There were some limitations in the study. First, there was an insufficient the number of cases (n = 40). Therefore, before any type of clinical use could be considered, this proposed method will need to be validated on a larger dataset, i.e., more cases will be needed to test for generality. Accordingly, examination of more nodules of various sizes and shapes by CT will be needed for additional training and testing. Second, although the variability in the ROIs of interest is substantial between radiologists, this was not evaluated in our study. The inadequate placement of the ROIs of interest on nodules might result in erroneous attenuation values, which can cause false wash-in and washout enhancement calculations. Third, 5-minutes was chosen as the length for the delay as a rule of thumb, which we believe is sufficient for the washout of the contrast material from a pulmonary nodule. Jeong et al. (1) reported that the mean time to PE in most malignant nodules was 3.2 minutes. In addition Yi et al. (10) reported that most SPNs reached the peak level of enhancement within 3 minutes. They reported that with images acquired during 5 minutes or more, the washout dynamics of the pulmonary nodule enhancement could be obtained. Therefore, 5 minutes was chosen as the length for the delay because the PE and NE were calculated and the pattern of the TAC differentiated between the malignant nodules and the benign nodules. In addition, there was no attempt to standardize the injection rate and the volume of contrast material according to the cardiac output of each patient nor was there any attempt to standardize the volume of contrast material according to the patients' weight. Moreover, the calculated dose at all sites of the nodule is not same due to a direct influence of the radiation dose, such as the X-ray beam energy, the tube current, rotation of exposure time, the section thickness, the object's thickness of attenuation, pitch, the sites of nodule etc. Therefore, for the larger patient, the exit radiation would be much less intense due to its attenuation through more tissue (27). The calculated dose at all sites of the nodules in this study was 30-40 mGy and this result was similar to the calculated dose of other reports (1, 10).

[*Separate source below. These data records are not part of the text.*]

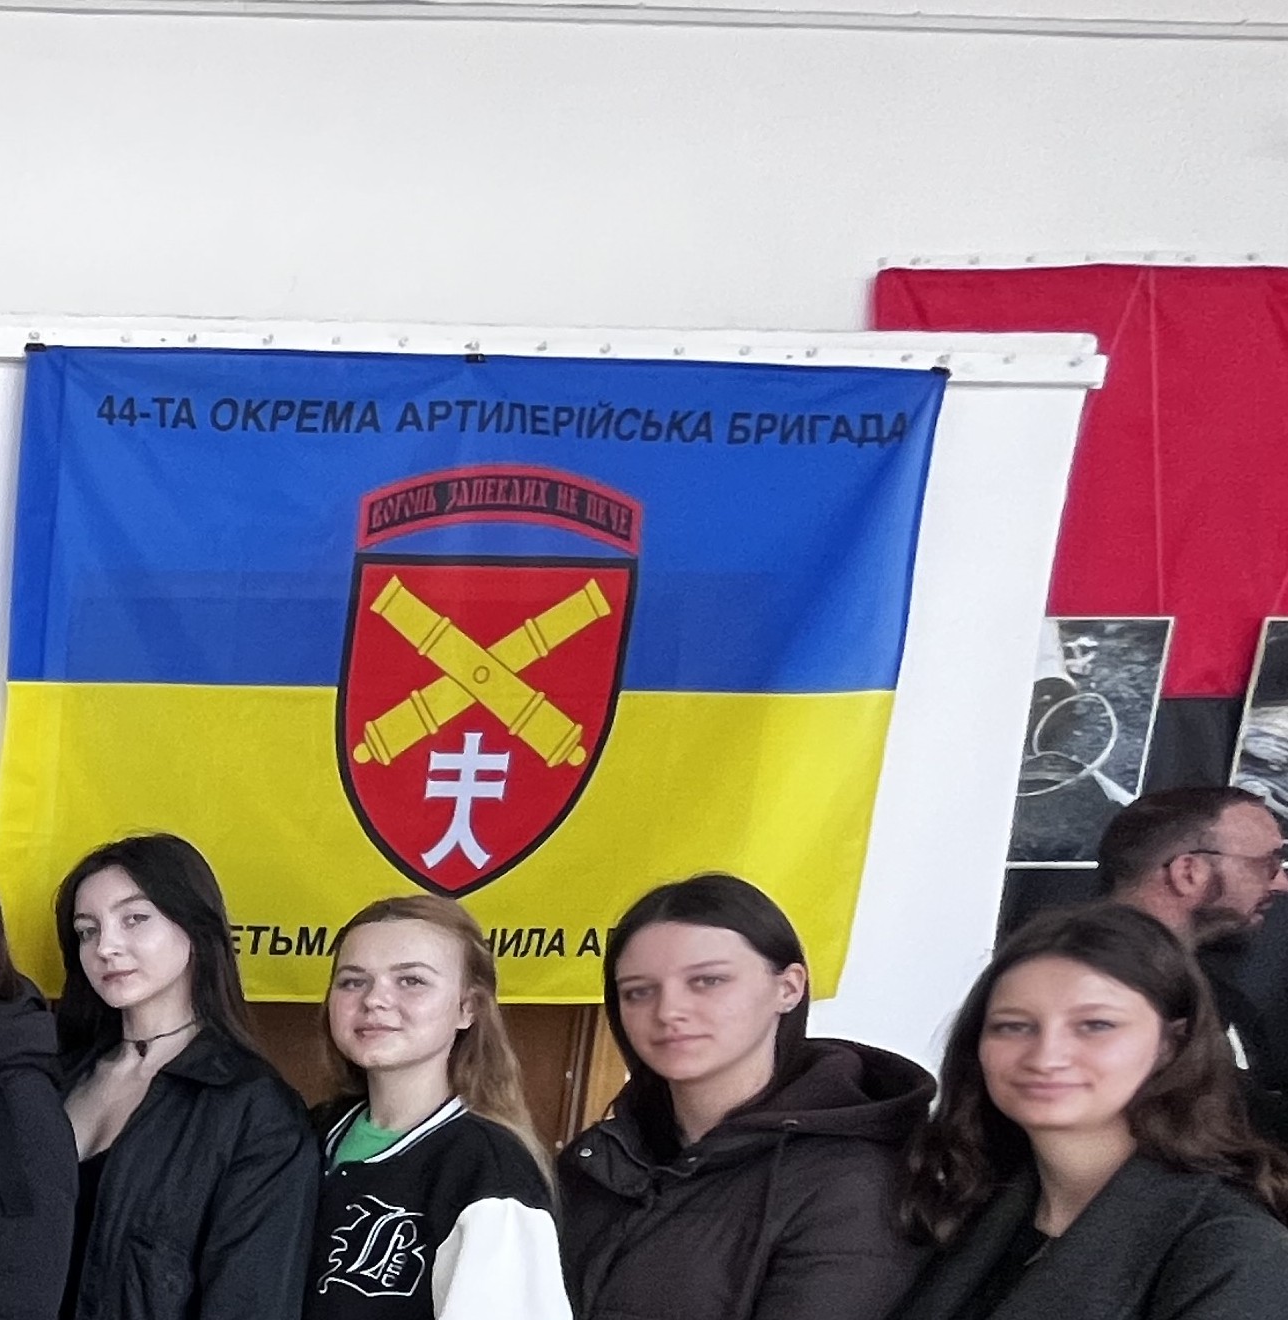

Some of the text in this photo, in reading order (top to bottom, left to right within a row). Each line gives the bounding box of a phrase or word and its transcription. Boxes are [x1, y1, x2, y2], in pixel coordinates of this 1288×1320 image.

[96, 395, 909, 449] 44-ТА ОКРЕМА АРТИЛЕРІЙСЬКА БРИГАДА
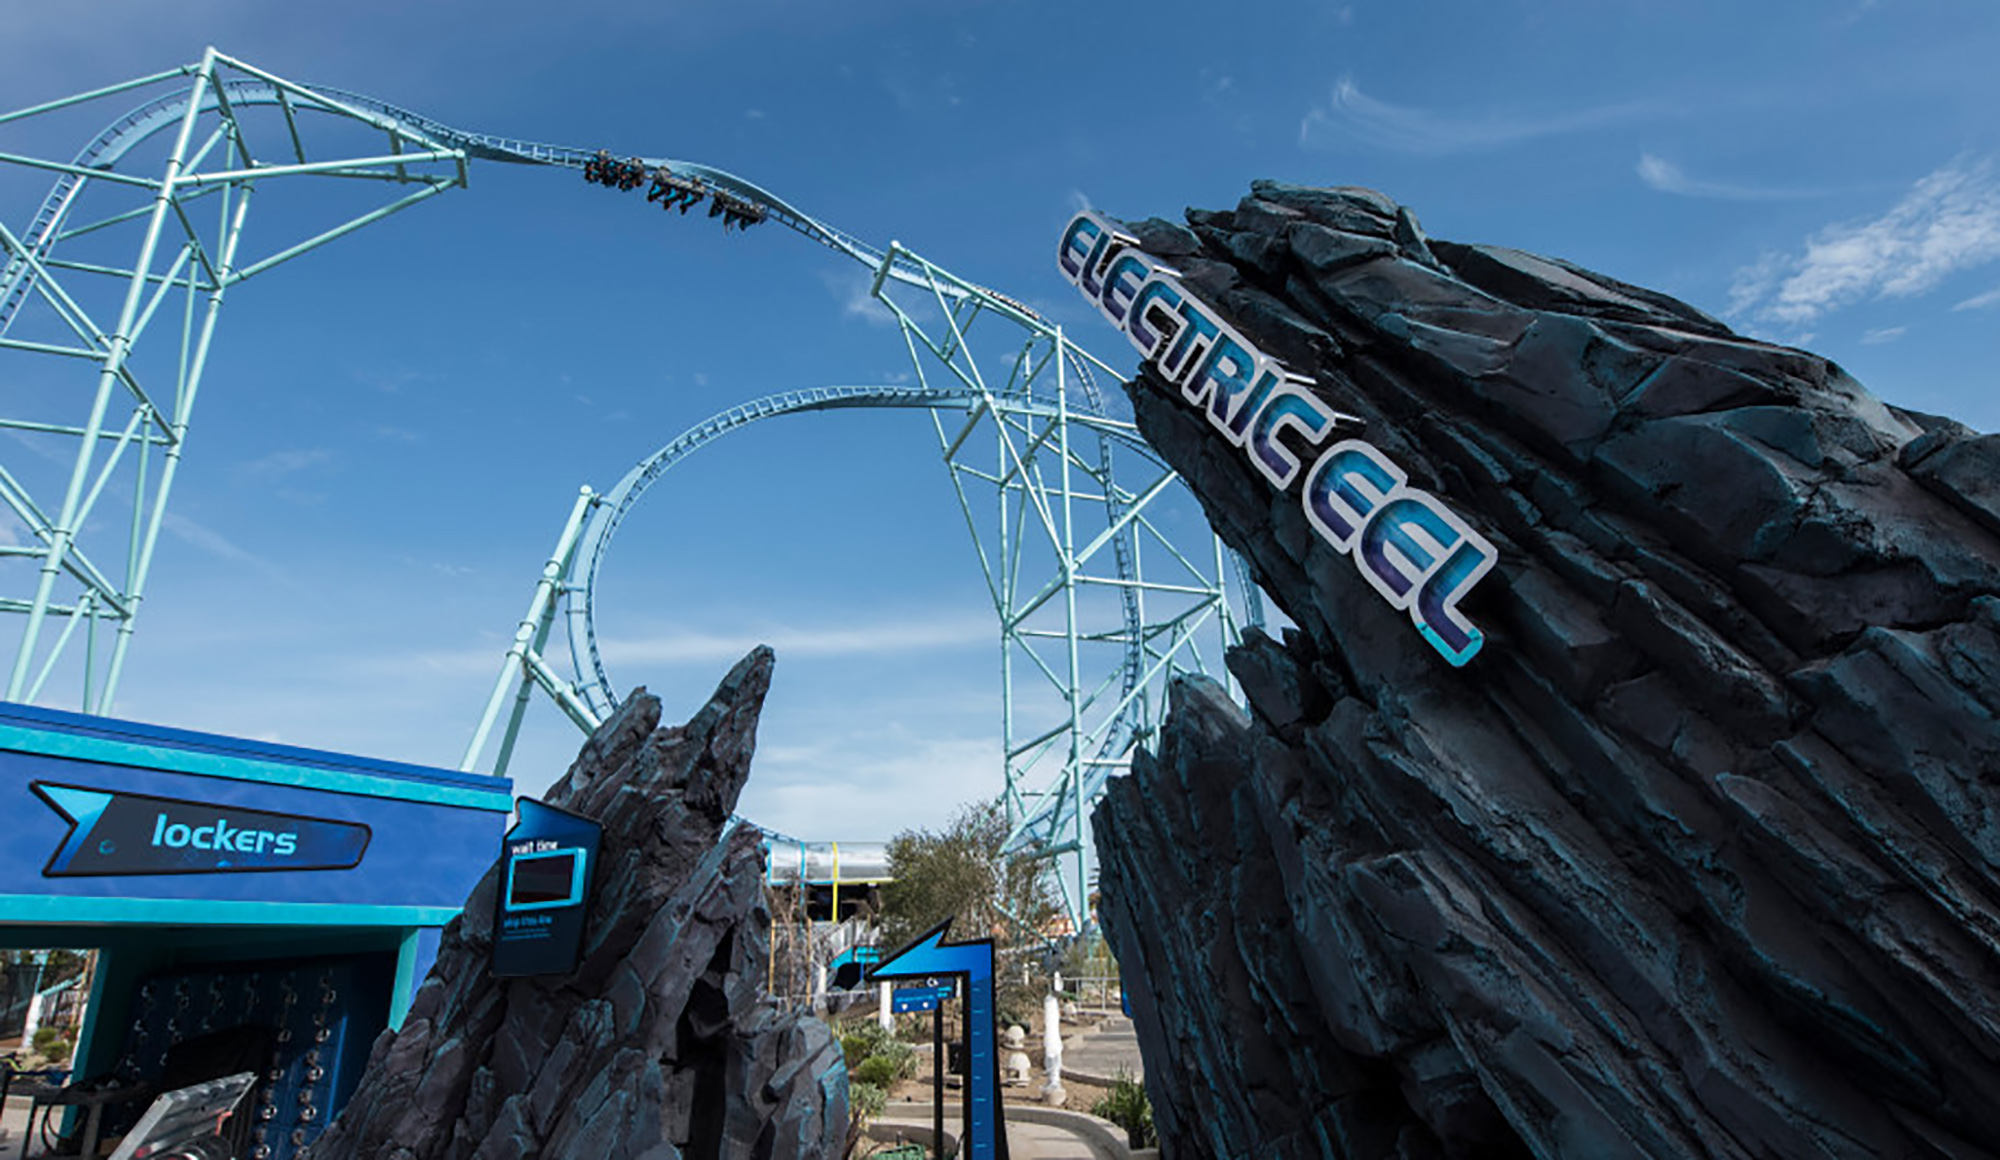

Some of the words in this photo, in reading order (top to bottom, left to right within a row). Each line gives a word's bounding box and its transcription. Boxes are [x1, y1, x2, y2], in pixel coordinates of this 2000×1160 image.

[1058, 211, 1337, 491] ELECTRIC
[1303, 438, 1498, 667] EEL
[151, 813, 297, 855] lockers
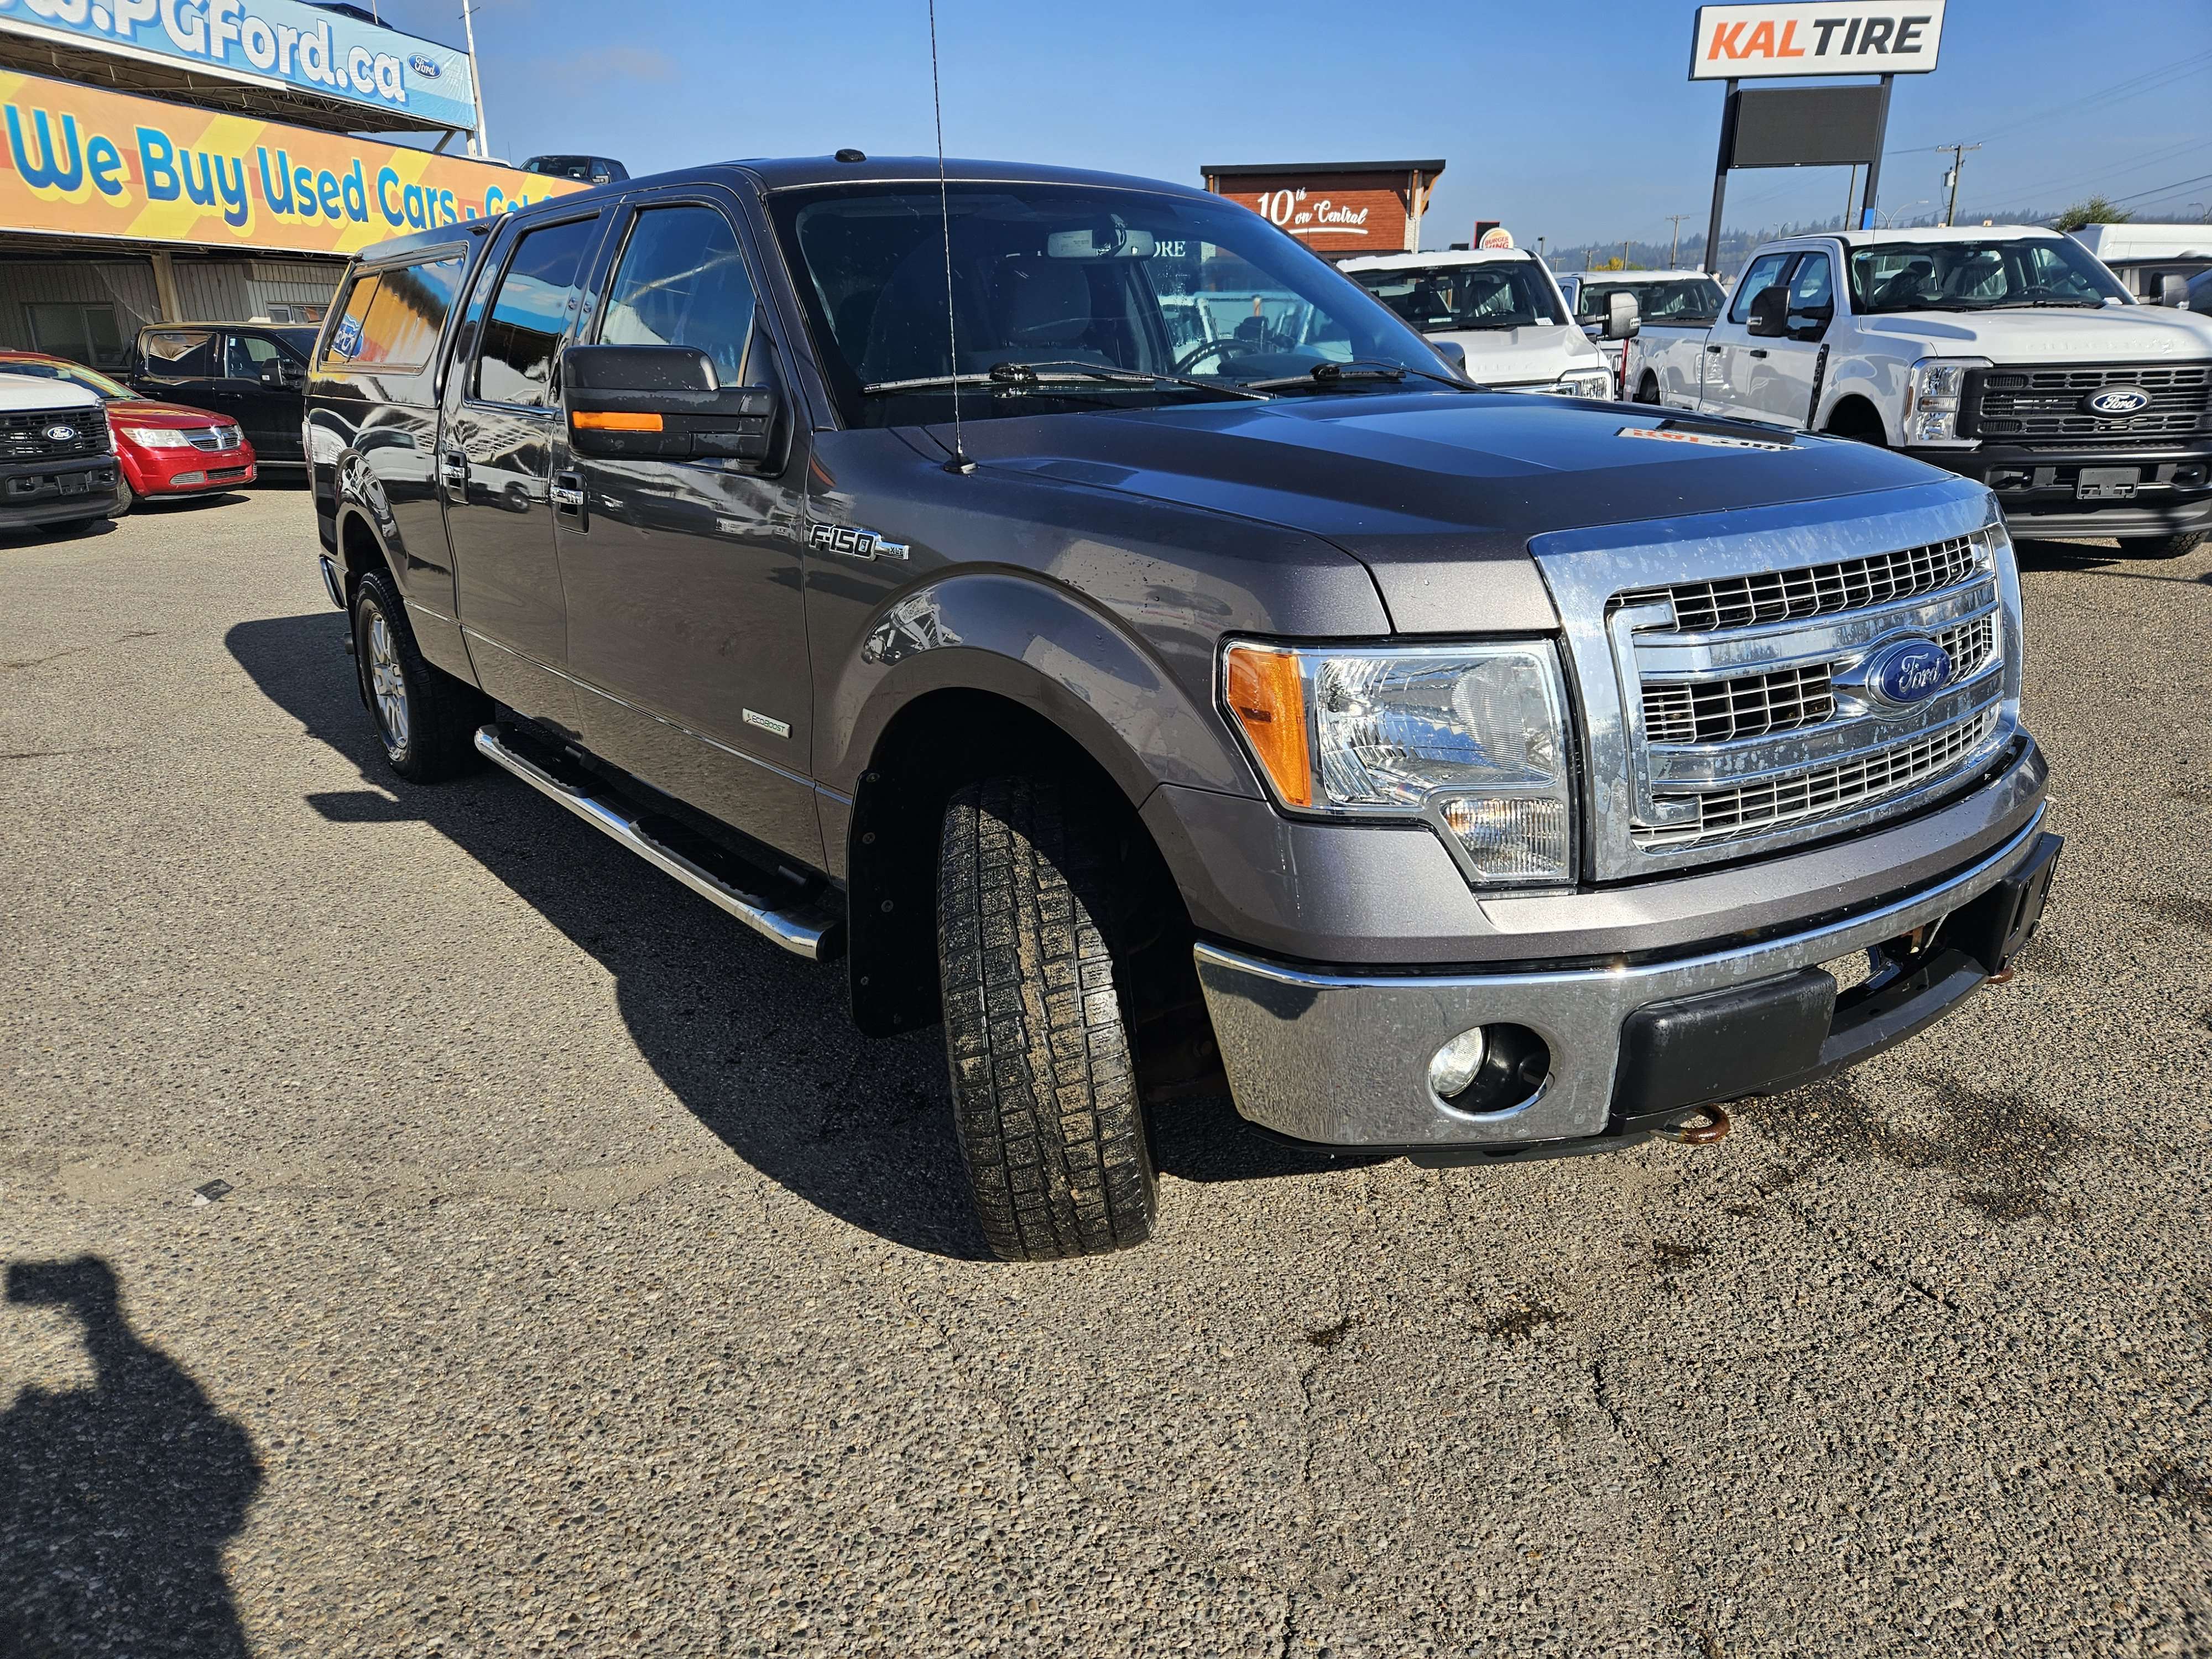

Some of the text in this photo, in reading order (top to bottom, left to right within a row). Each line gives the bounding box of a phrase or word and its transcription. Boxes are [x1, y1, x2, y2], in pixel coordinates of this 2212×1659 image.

[1707, 15, 1932, 60] KAL TIRE
[415, 56, 436, 76] Ford
[3, 103, 458, 229] We Buy Used Cars
[1295, 212, 1312, 225] on
[1313, 200, 1369, 225] Central
[1485, 236, 1509, 246] BURGER
[2103, 394, 2138, 409] Ford
[53, 429, 70, 438] Ford
[1898, 653, 1942, 693] Ford
[752, 715, 785, 733] ECOBOOST

Despite these limitations, the results obtained from the enhancement pattern of the SPNs using the CAD system were similar to those obtained by the direct personal drawing of SPNs. Consequently, the CAD system was a useful tool for diagnosing malignant solitary pulmonary nodules. Also, in view of the good diagnostic results for a malignant SPN, a TAC may be more useful than the PE or NE.
Acknowledgement
The authors wish to thank Mr. Yang Soo Gu for helping calculate the attenuation of the solitary pulmonary nodules using the computer-aided diagnosis system of helical dynamic CT.